#### [TASK INSTRUCTIONS]
Copy every entry below exactly as it appears, leaving out the images.

#### [INFORMATION SHOWN]
* * * * * * *
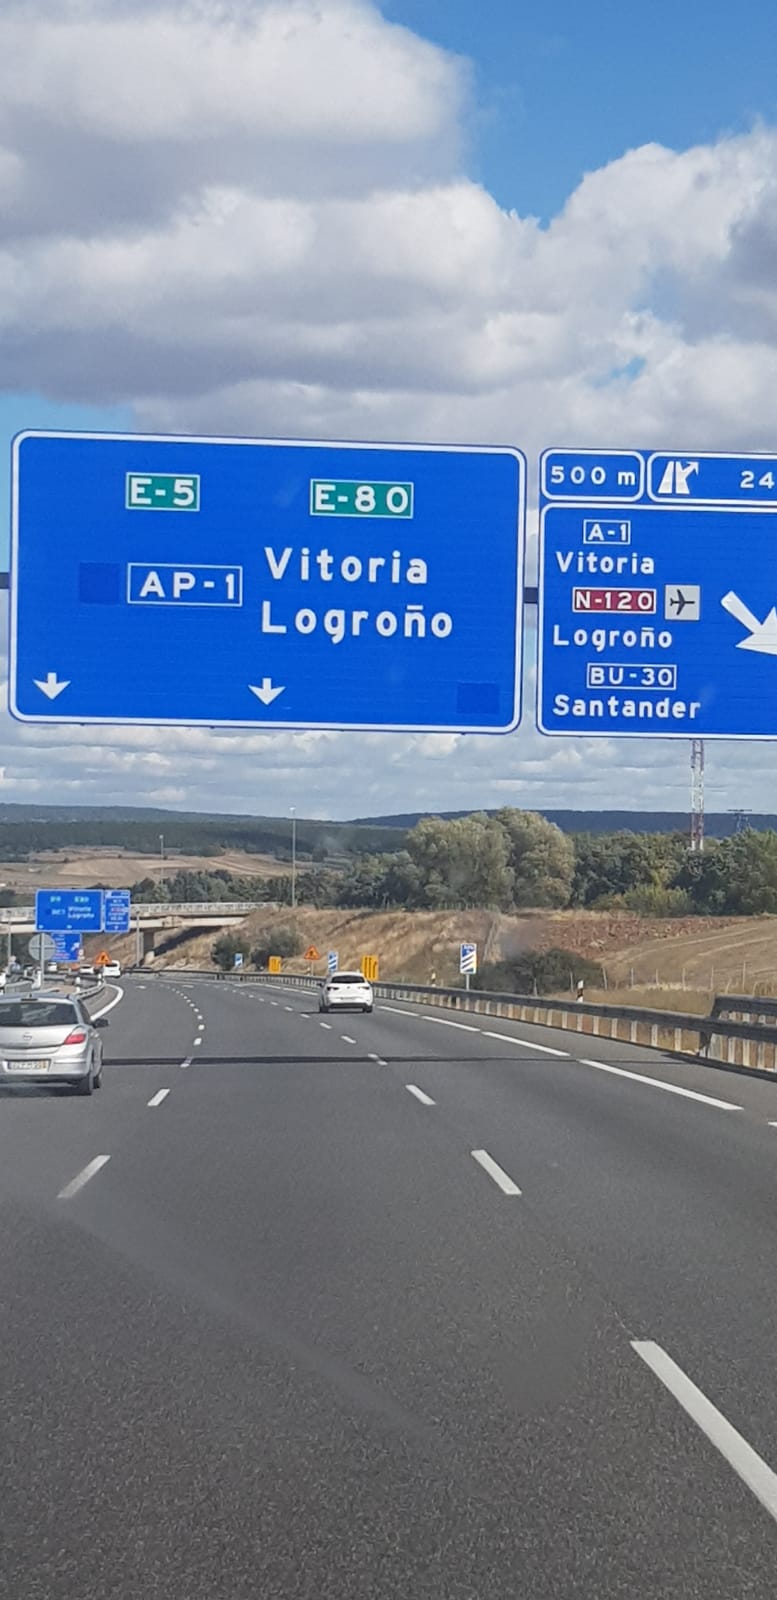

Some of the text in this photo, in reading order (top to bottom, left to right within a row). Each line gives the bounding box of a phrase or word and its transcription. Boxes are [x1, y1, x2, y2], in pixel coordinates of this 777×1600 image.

[551, 465, 637, 486] 500 m
[740, 470, 775, 489] 24
[131, 477, 194, 506] E-5
[315, 485, 409, 514] E-80
[588, 523, 627, 541] A-1
[265, 547, 427, 584] Vitoria
[556, 551, 655, 574] Vitoria
[139, 571, 235, 600] AP-1
[575, 591, 654, 611] N-120
[262, 600, 453, 645] Logroño
[553, 624, 673, 653] Logroño
[590, 667, 673, 686] BU-30
[552, 694, 701, 719] Santander
* * * * * * *
#### [TASK OUTPUT]
Some of the text in this photo, in reading order (top to bottom, left to right within a row). Each line gives the bounding box of a phrase or word and its transcription. Boxes are [x1, y1, x2, y2], in pixel coordinates of this 777×1600 image.

[551, 465, 637, 486] 500 m
[740, 470, 775, 489] 24
[131, 477, 194, 506] E-5
[315, 485, 409, 514] E-80
[588, 523, 627, 541] A-1
[265, 547, 427, 584] Vitoria
[556, 551, 655, 574] Vitoria
[139, 571, 235, 600] AP-1
[575, 591, 654, 611] N-120
[262, 600, 453, 645] Logroño
[553, 624, 673, 653] Logroño
[590, 667, 673, 686] BU-30
[552, 694, 701, 719] Santander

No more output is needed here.